Throughout the album, the band rises to meet the weighty subject matter. On Right, songs arrived in brute slashes, but on Intellect they’re textured and spacious. Guitarist Greg Ahee cloaks "Cowards Starve" in a Morricone-like cowboy flange, gradually gathering tension until the song detonates in the chorus. "Dope Cloud" rides a razor-wire post-punk guitar line as its protagonists accumulate treasure only to be met with Casey’s bleak reminder, "That’s not gonna save you, man." And in "Ellen", a love song written from the perspective of Casey’s father to his mother, they beautifully underplay, supporting the song’s sweet sentiment in feathery chords.

But it is Casey who has undergone the greatest evolution. Casey has described his stage demeanor as "30 minutes of a fat guy yelling at you," but on Intellect, he’s more measured, and his writing has developed an almost Joycean grasp of detail and narrative. The second verse of "Pontiac 87" feels like something that could have turned up in "The Dead": a crowd of regulars pile into the Detroit bar Jumbo’s (familiar to Protomartyr fans from its appearance on No Passion All Technique) the day after Christmas. Casey describes the scene with such stunning narrative economy you can almost see the lines on their faces: "Remembering a Jumbo’s night, December 26th/ Weird faces filled up the bar, half sober/ Outside, a steady snow—all new white." He’s also become a powerful, passionate singer. His delivery throughout Intellect has gravity and nuance; he’s able to make a sing-along out of the line "Social pressures exist/ And if you think about them all of the time/ You’re gonna find that your head’s been kicked in." He goes from baleful and bereft to nasty and snarling, commanding “Destroy the gateway, bind them up, break the circuit, cast them out.”

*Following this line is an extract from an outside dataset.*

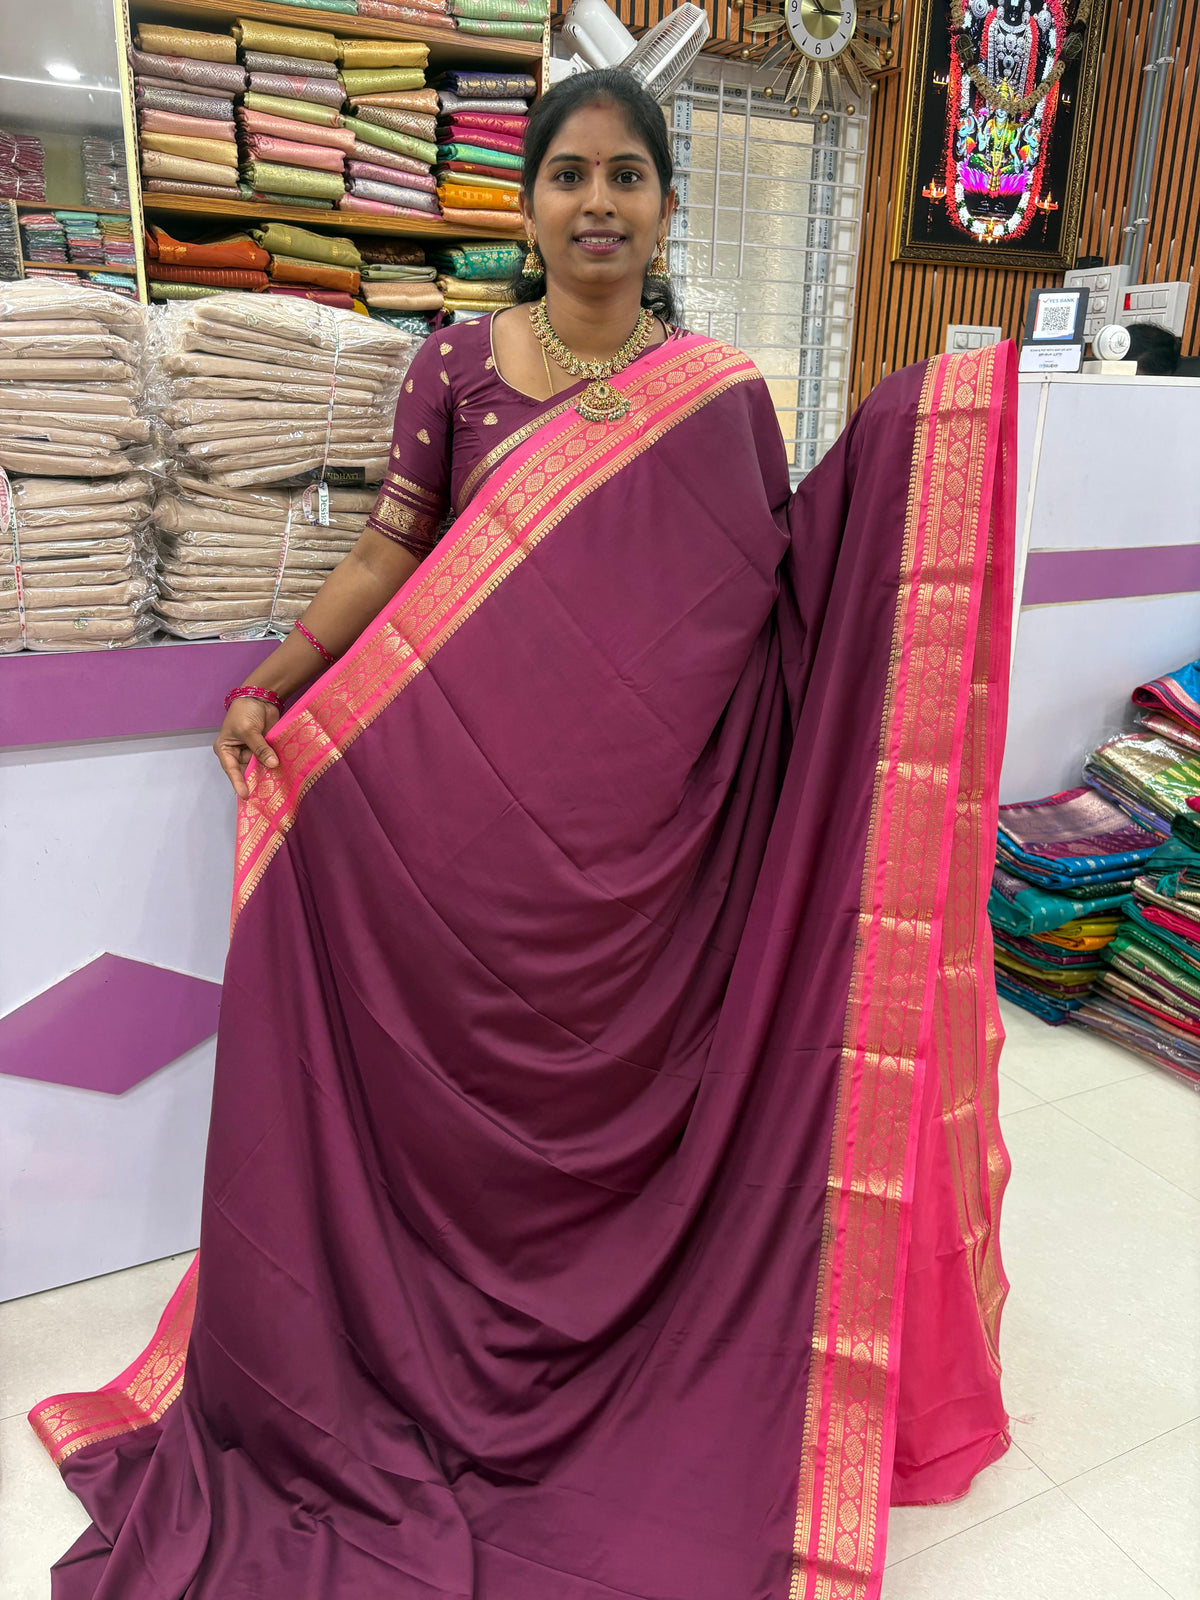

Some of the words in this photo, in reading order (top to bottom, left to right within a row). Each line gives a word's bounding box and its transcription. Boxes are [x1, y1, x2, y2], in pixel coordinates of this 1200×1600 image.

[791, 0, 798, 13] 9
[845, 11, 852, 24] 3
[815, 42, 821, 55] 6

And what he’s driving at, again and again, is that we do all of those things when we feel like trapped animals, when we’ve thrown our full bodies into life and it’s given us nothing back but loneliness and poverty and emptiness, and each advancing year is less time we have to do something of substance. It’s a profound and uncomfortable truth, and it’s one that The Agent Intellect unflinchingly stares down.

All of this is highlighted to shattering effect in "Uncle Mother’s". At first, it seems like another in a long line of Protomartyr bar tableaus, the battered working class piling into a dive to suck down Old Styles until the world seems bearable again. The revelation of the song’s true meaning comes in what at first feels like a throwaway detail. At the start of the song, Casey advises, "Welcome to Uncle Mother’s/ Leave your children in the car." From there the carousing begins, and the usual boxes are checked: there’s a drug deal in the kitchen and bad doings in the back corner. But at the end of the song, Casey repeats himself, and turns a declarative into a question: "Welcome to Uncle Mother’s/ Are your children still in the car?" In that moment it becomes clear that the subject of the song isn’t the drunks—it’s the children. That subtle shift is what gives the record its almost palpable sense of humanity, of sorrow, of compassion. On The Agent Intellect, we are all the children, shivering alone in an empty station wagon in a bitter Detroit night, waiting in vain for someone to come and take us home.